- Description of the task:
Repeat the listing word for word, but skip any pictures.

- Extracted information:

-------------------------

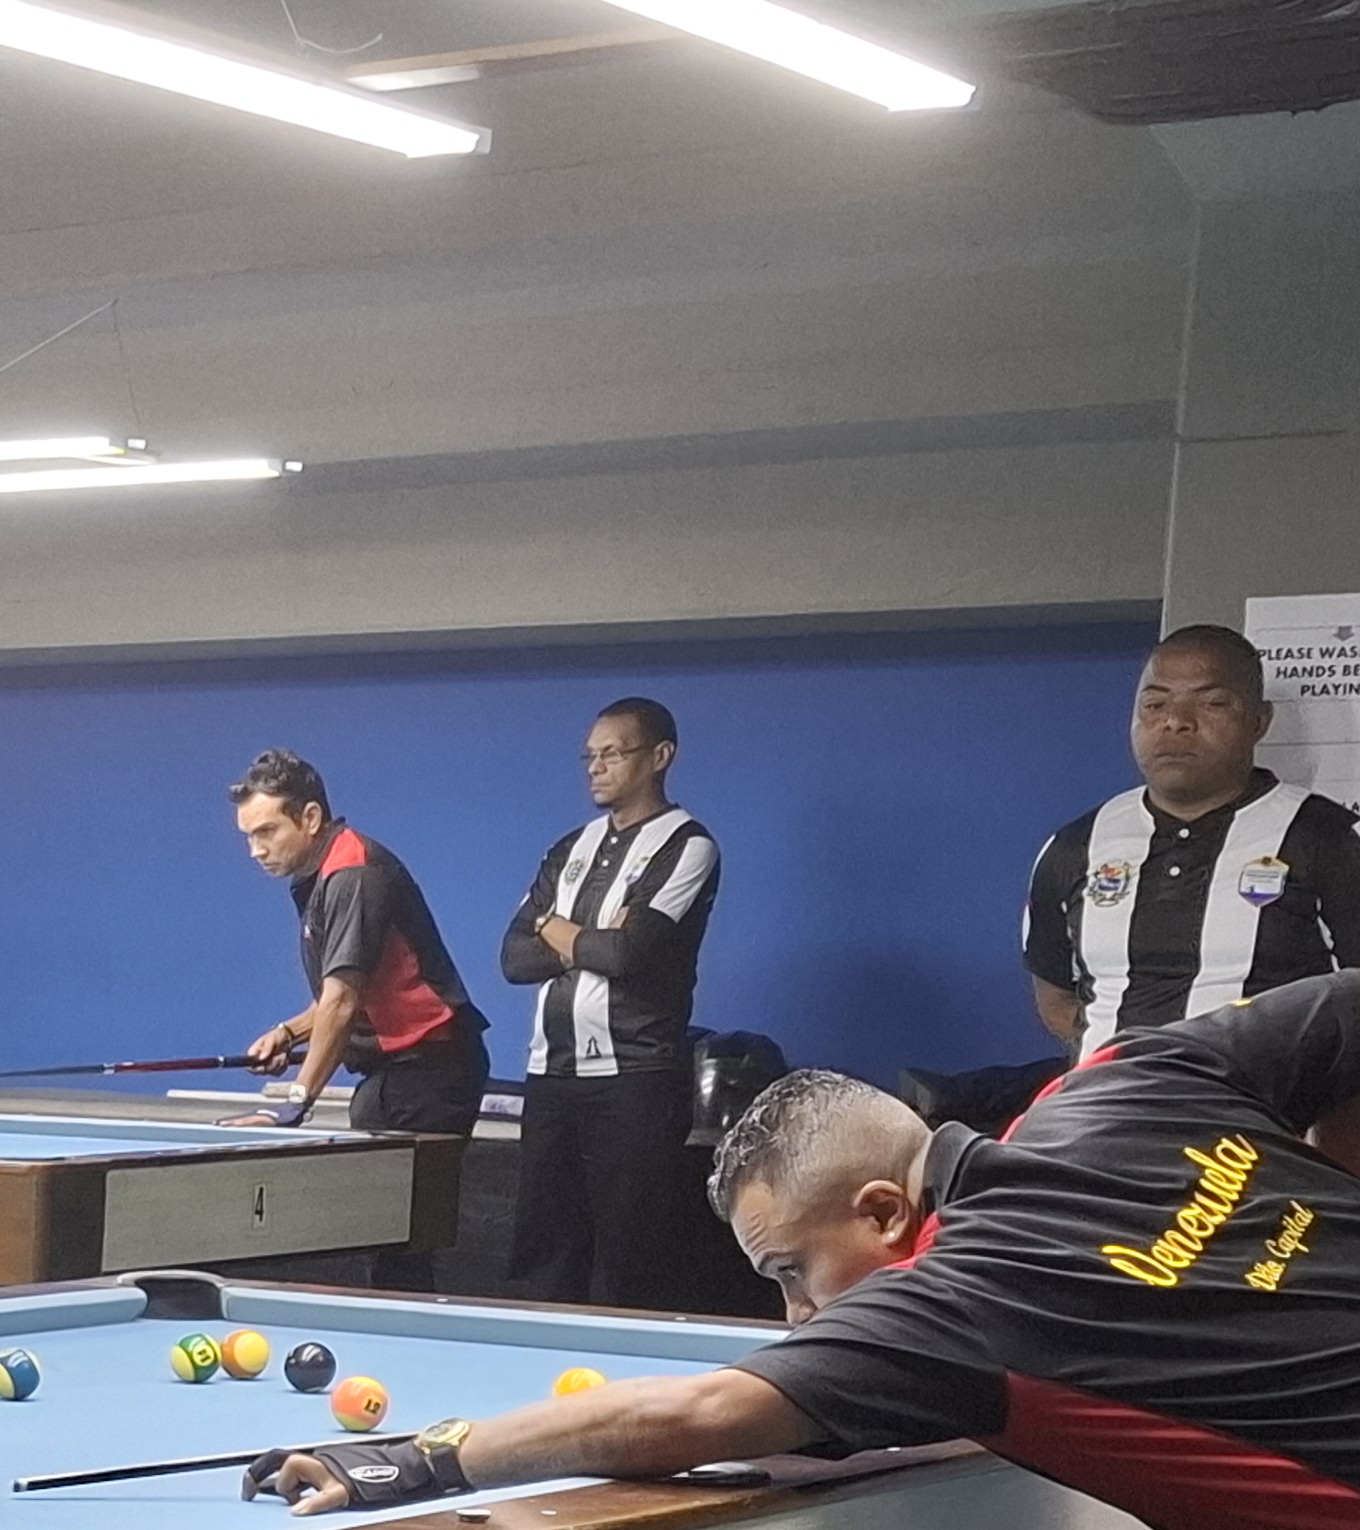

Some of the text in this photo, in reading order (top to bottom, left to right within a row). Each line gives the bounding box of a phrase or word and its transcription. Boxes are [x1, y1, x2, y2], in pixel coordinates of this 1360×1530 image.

[1260, 645, 1360, 661] PLEASE WAS
[1275, 665, 1337, 679] HANDS
[254, 1186, 265, 1222] 4
[1100, 1132, 1260, 1287] Venezuela
[1264, 1200, 1315, 1256] Capital
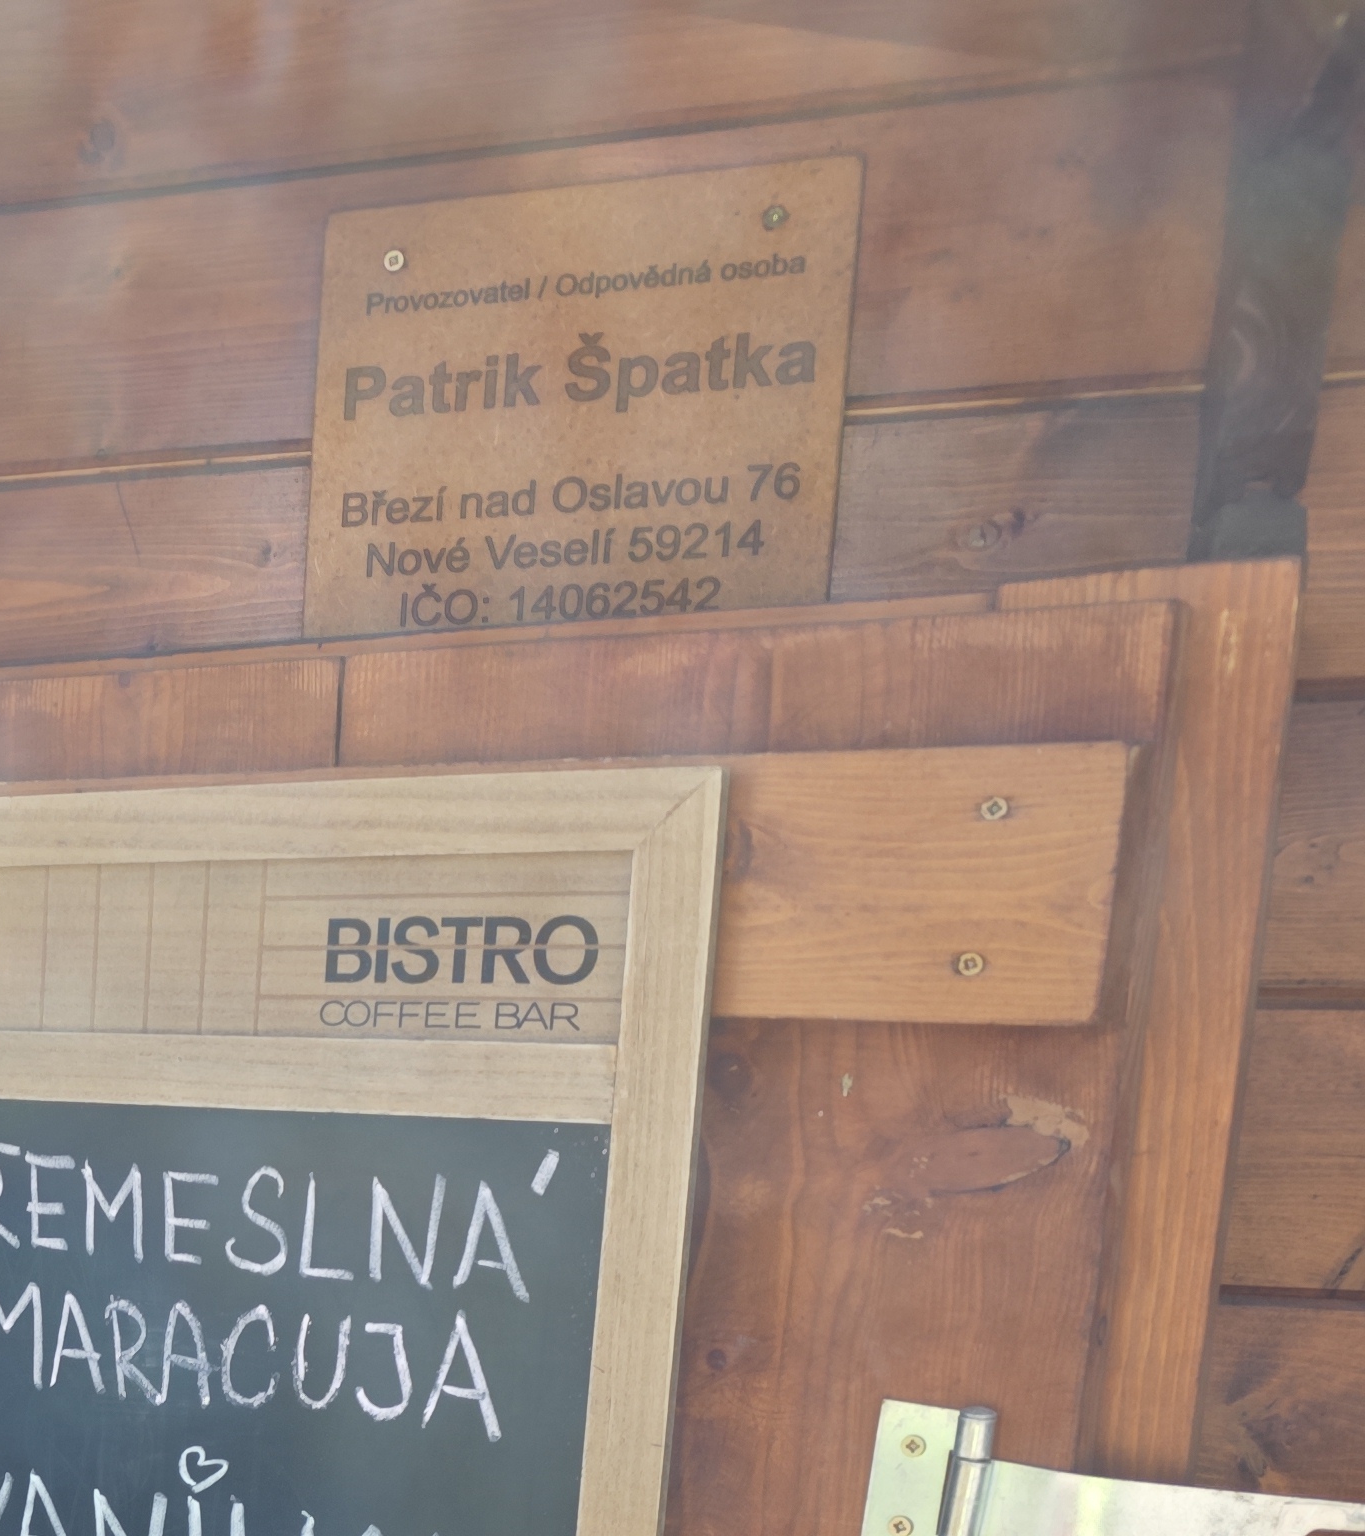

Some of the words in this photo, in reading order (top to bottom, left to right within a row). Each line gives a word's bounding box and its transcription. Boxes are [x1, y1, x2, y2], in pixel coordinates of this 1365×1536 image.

[365, 278, 531, 315] Provozovatel
[537, 275, 548, 300] /
[555, 259, 712, 299] Odpovědná
[720, 253, 806, 282] osoba
[342, 353, 542, 421] Patrik
[564, 331, 817, 412] Špatka
[341, 486, 447, 528] Březí
[460, 480, 536, 520] nad
[552, 472, 730, 515] Oslavou
[747, 461, 801, 501] 76
[366, 537, 470, 579] Nové
[485, 527, 616, 571] Veselí
[628, 519, 766, 562] 59214
[400, 582, 490, 628] IČO:
[511, 576, 722, 623] 14062542
[324, 914, 599, 986] BISTRO
[318, 999, 480, 1030] COFFEE
[494, 1002, 581, 1032] BAR
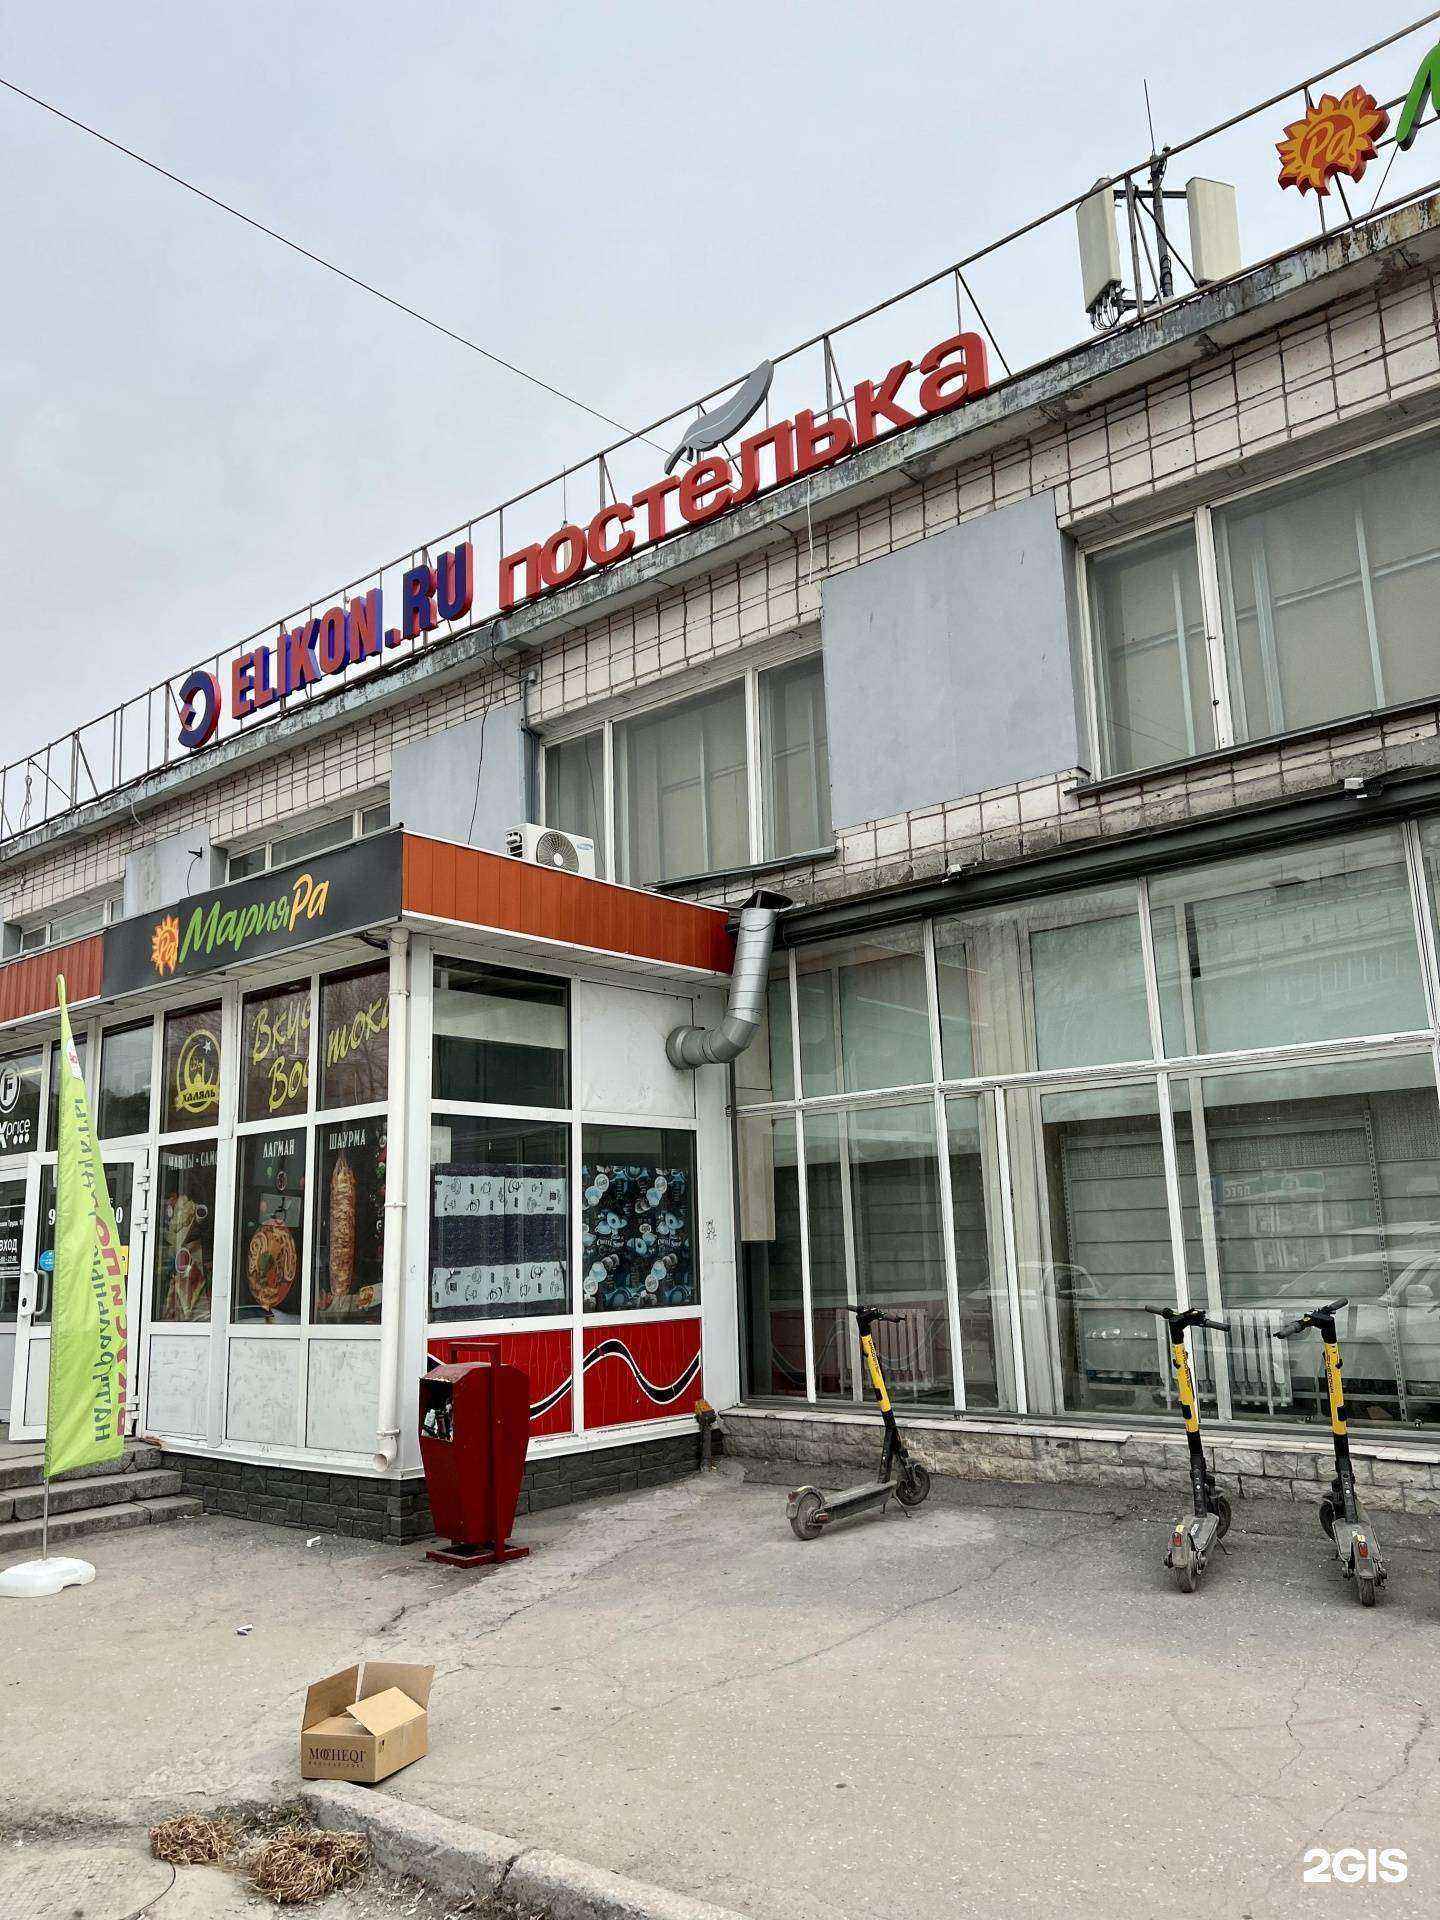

-------------------------

- Final answer:
Some of the text in this photo, in reading order (top to bottom, left to right within a row). Each line gives the bounding box of a phrase or word and its transcription. Boxes are [x1, y1, x2, y2], in pixel coordinates of this 1360×1530 image.

[1260, 645, 1360, 661] PLEASE WAS
[1275, 665, 1337, 679] HANDS
[254, 1186, 265, 1222] 4
[1100, 1132, 1260, 1287] Venezuela
[1264, 1200, 1315, 1256] Capital

Some of the words in this photo, in reading order (top to bottom, left to right within a row). Each line gives a word's bounding box and its transcription. Boxes are [x1, y1, x2, y2], in pixel coordinates of this 1365×1536 image.

[365, 278, 531, 315] Provozovatel
[537, 275, 548, 300] /
[555, 259, 712, 299] Odpovědná
[720, 253, 806, 282] osoba
[342, 353, 542, 421] Patrik
[564, 331, 817, 412] Špatka
[341, 486, 447, 528] Březí
[460, 480, 536, 520] nad
[552, 472, 730, 515] Oslavou
[747, 461, 801, 501] 76
[366, 537, 470, 579] Nové
[485, 527, 616, 571] Veselí
[628, 519, 766, 562] 59214
[400, 582, 490, 628] IČO:
[511, 576, 722, 623] 14062542
[324, 914, 599, 986] BISTRO
[318, 999, 480, 1030] COFFEE
[494, 1002, 581, 1032] BAR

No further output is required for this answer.